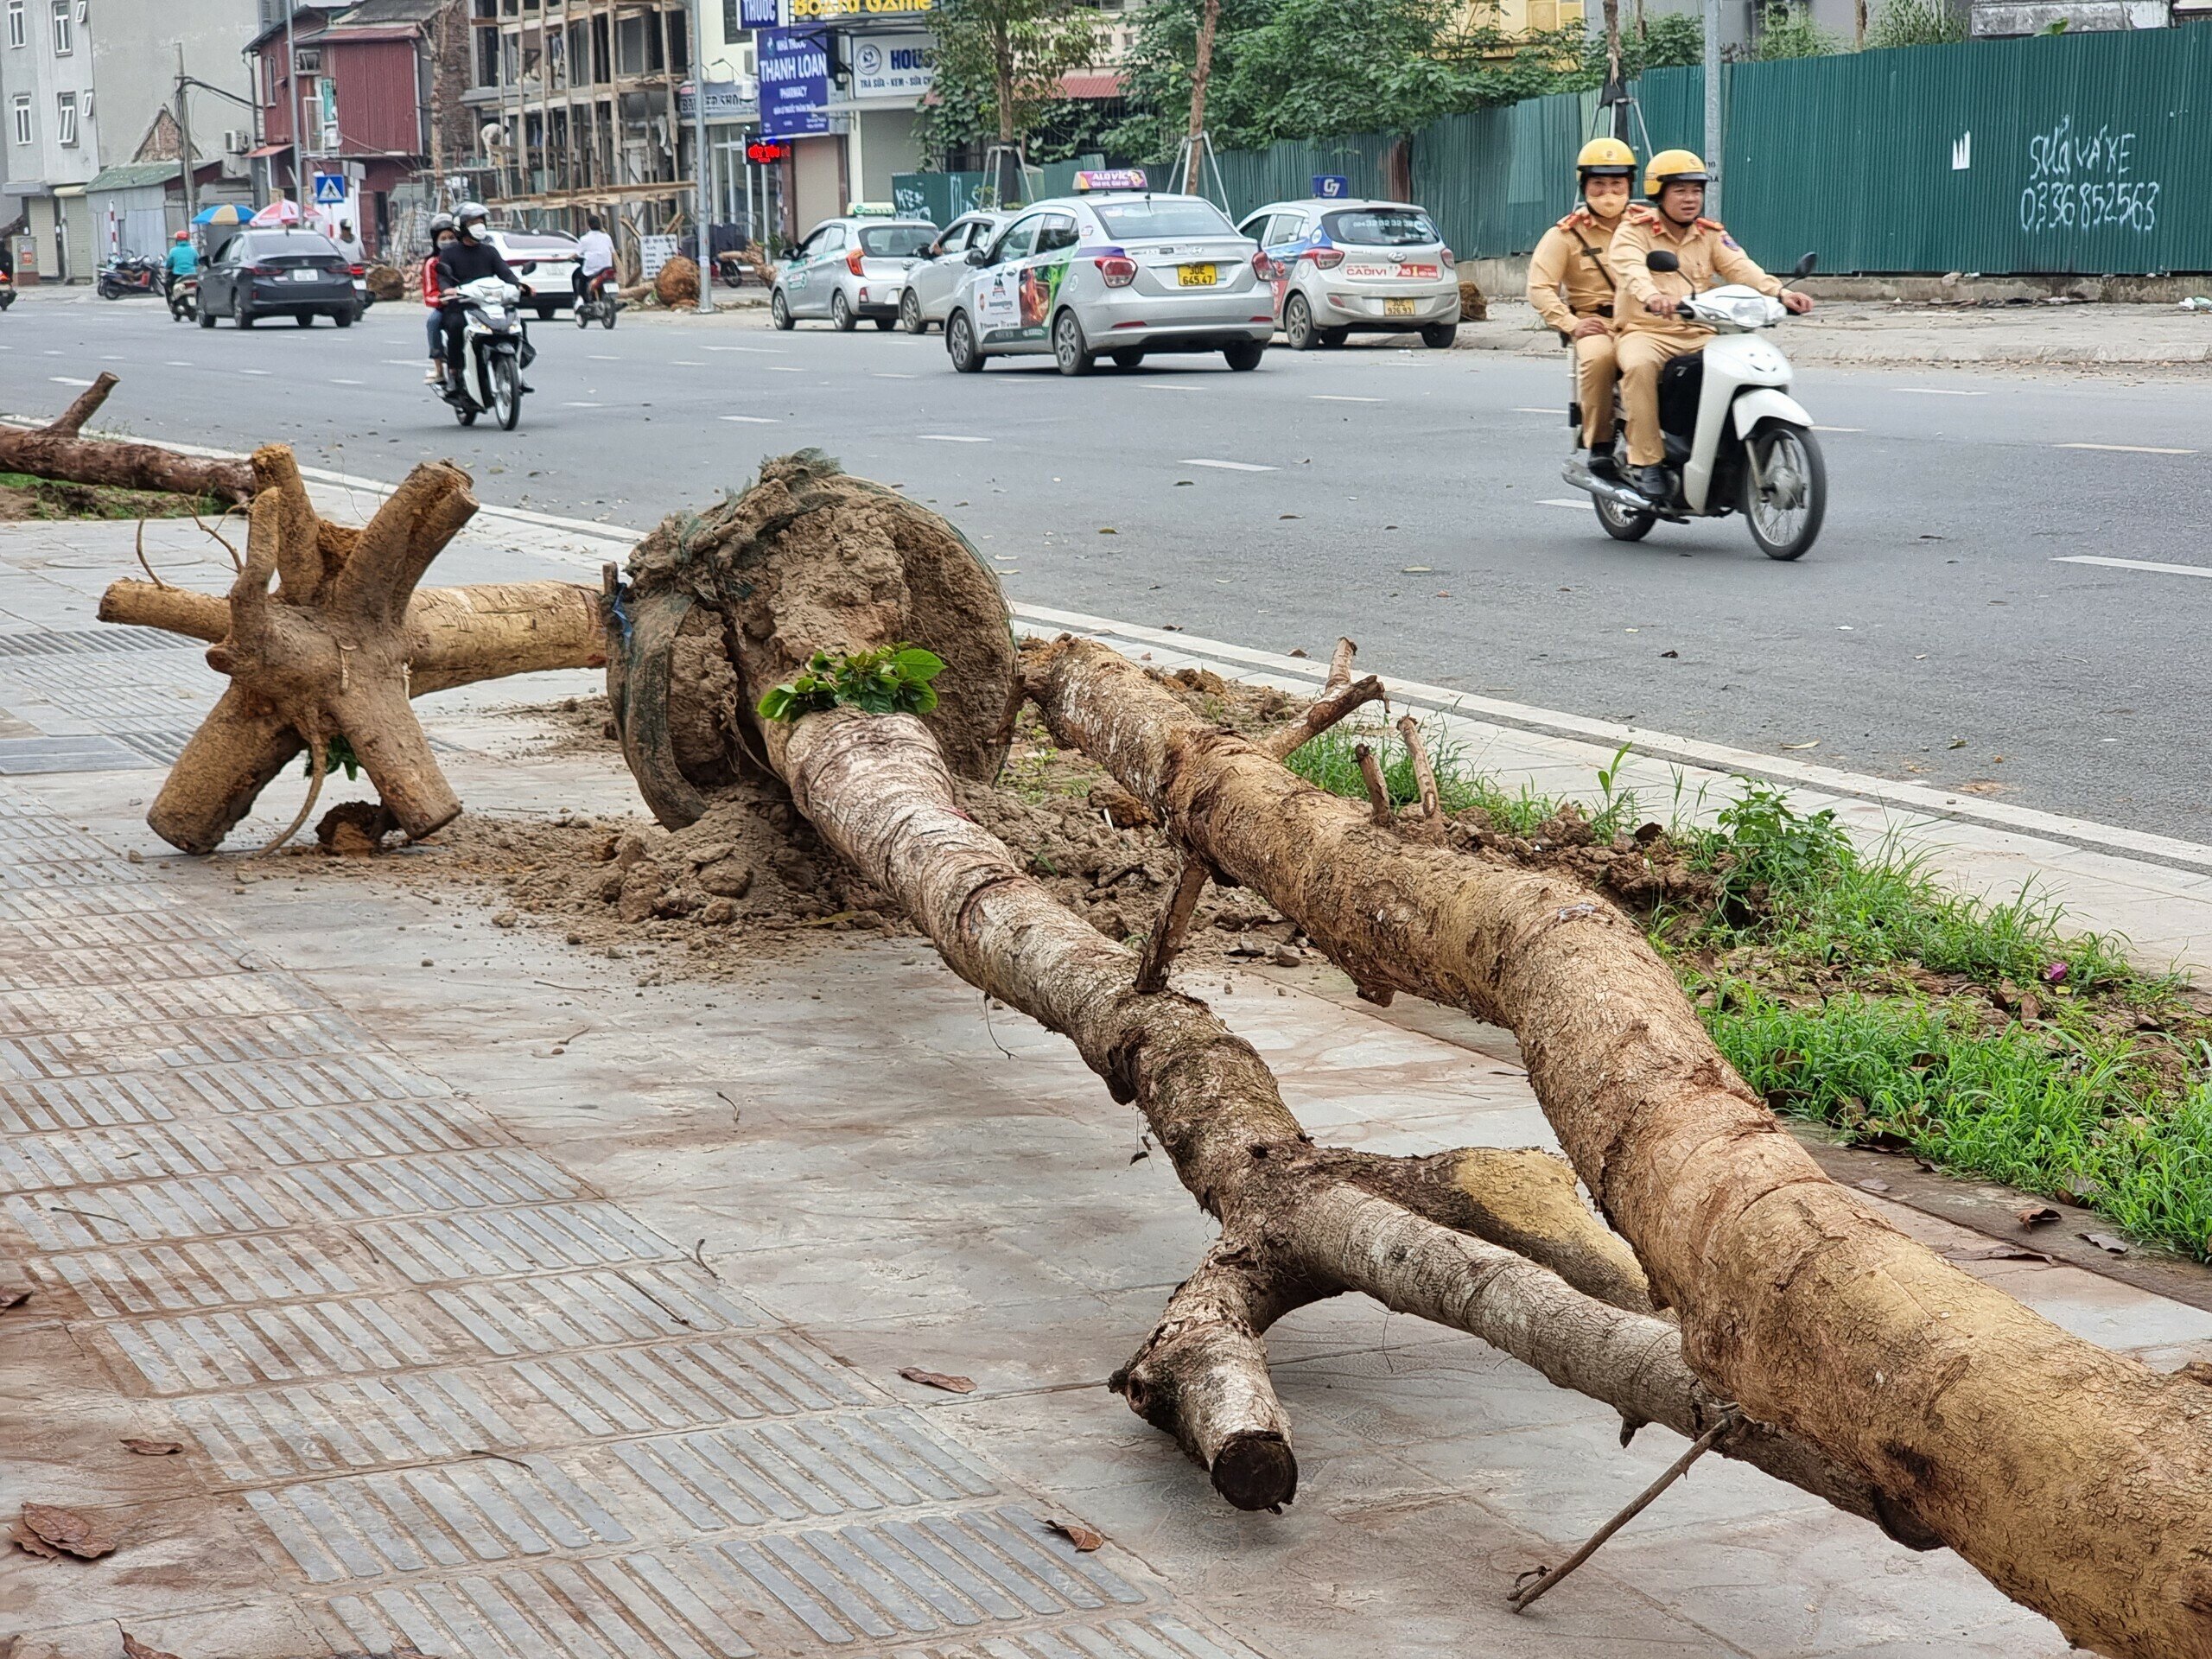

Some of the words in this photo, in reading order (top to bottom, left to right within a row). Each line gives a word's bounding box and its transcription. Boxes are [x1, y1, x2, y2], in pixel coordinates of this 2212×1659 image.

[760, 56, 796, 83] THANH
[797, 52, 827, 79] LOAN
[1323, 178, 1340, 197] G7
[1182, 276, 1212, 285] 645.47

-=-=-

# REQUIREMENT:
Retype each record exactly as it appears above and drop the images.

# SOLUTION FOR THIS TASK:
Some of the words in this photo, in reading order (top to bottom, left to right within a row). Each line gives a word's bounding box and its transcription. Boxes are [x1, y1, x2, y2], in pixel coordinates of this 2212×1659 image.

[760, 56, 796, 83] THANH
[797, 52, 827, 79] LOAN
[1323, 178, 1340, 197] G7
[1182, 276, 1212, 285] 645.47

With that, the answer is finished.